##### Dataset records #####

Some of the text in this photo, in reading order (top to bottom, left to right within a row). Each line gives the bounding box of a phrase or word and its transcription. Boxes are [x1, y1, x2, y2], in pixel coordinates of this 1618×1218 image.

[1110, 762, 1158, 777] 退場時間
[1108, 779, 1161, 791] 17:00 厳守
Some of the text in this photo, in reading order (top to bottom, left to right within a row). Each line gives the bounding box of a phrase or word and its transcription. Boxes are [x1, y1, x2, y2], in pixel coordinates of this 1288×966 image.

#####
##### Dataset records #####

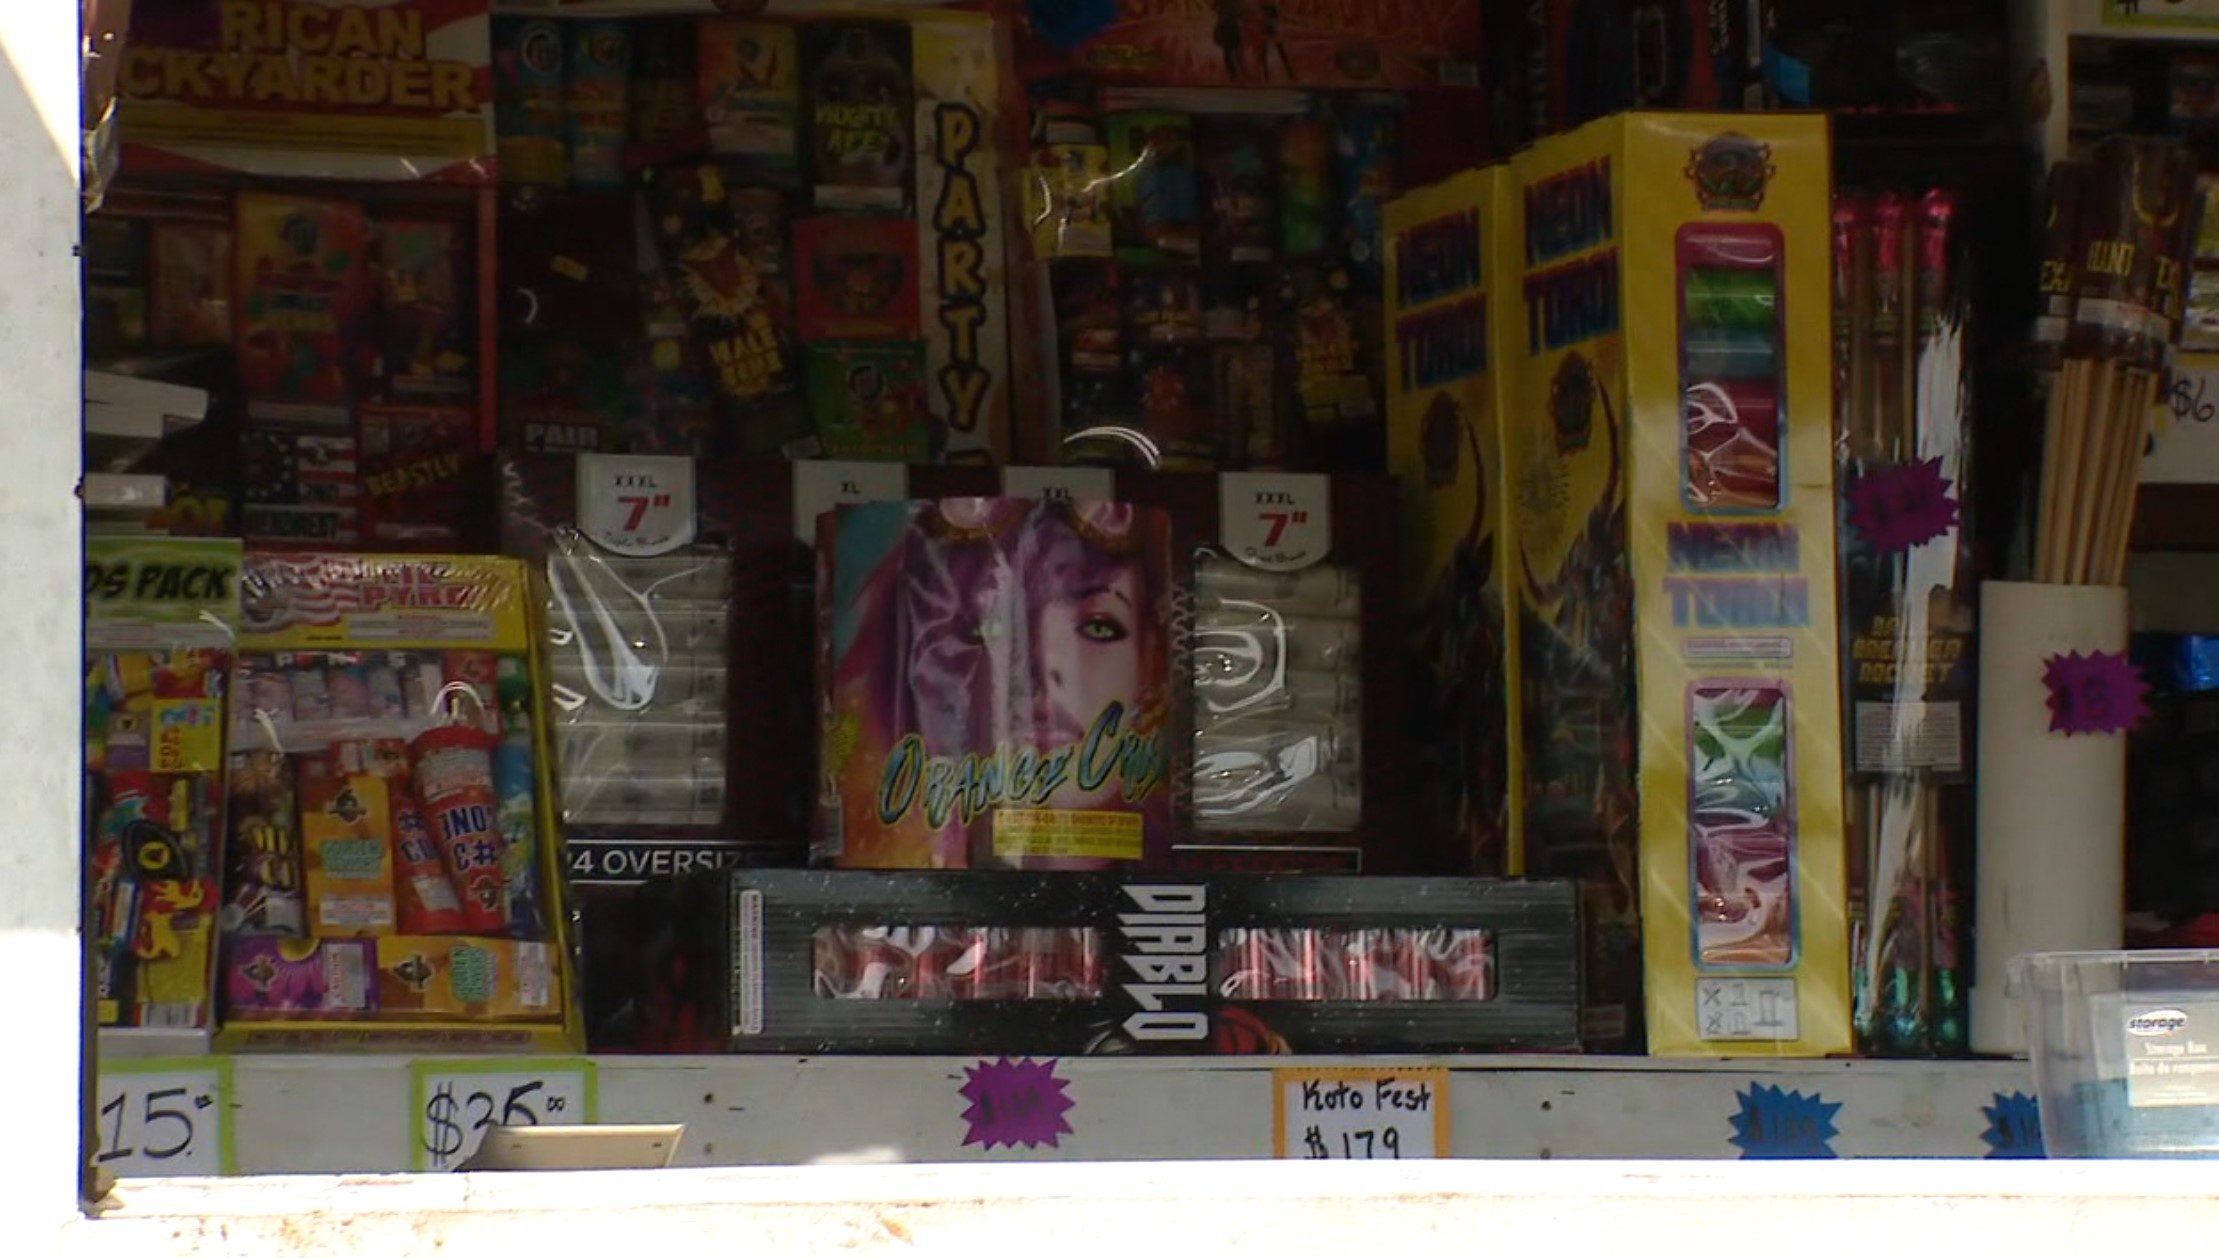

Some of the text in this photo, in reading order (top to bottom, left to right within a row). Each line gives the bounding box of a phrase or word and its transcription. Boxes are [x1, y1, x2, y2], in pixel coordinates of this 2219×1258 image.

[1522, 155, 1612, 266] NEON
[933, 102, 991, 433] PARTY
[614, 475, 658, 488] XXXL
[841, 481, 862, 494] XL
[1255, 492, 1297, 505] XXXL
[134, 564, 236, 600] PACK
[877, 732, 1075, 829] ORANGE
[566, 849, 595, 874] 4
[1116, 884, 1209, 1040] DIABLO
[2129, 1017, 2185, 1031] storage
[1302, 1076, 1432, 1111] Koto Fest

#####
##### Dataset records #####

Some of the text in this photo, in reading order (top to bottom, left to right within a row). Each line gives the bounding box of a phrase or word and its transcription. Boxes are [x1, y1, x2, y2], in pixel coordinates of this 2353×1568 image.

#####

▶ Work to complete:
Once you find the line with "this 1618×1218 image." above, print it and every line after it up to and including the line with "this 1288×966 image.", exactly as written and nothing else.

▶ Response to this task:
Some of the text in this photo, in reading order (top to bottom, left to right within a row). Each line gives the bounding box of a phrase or word and its transcription. Boxes are [x1, y1, x2, y2], in pixel coordinates of this 1618×1218 image.

[1110, 762, 1158, 777] 退場時間
[1108, 779, 1161, 791] 17:00 厳守
Some of the text in this photo, in reading order (top to bottom, left to right within a row). Each line gives the bounding box of a phrase or word and its transcription. Boxes are [x1, y1, x2, y2], in pixel coordinates of this 1288×966 image.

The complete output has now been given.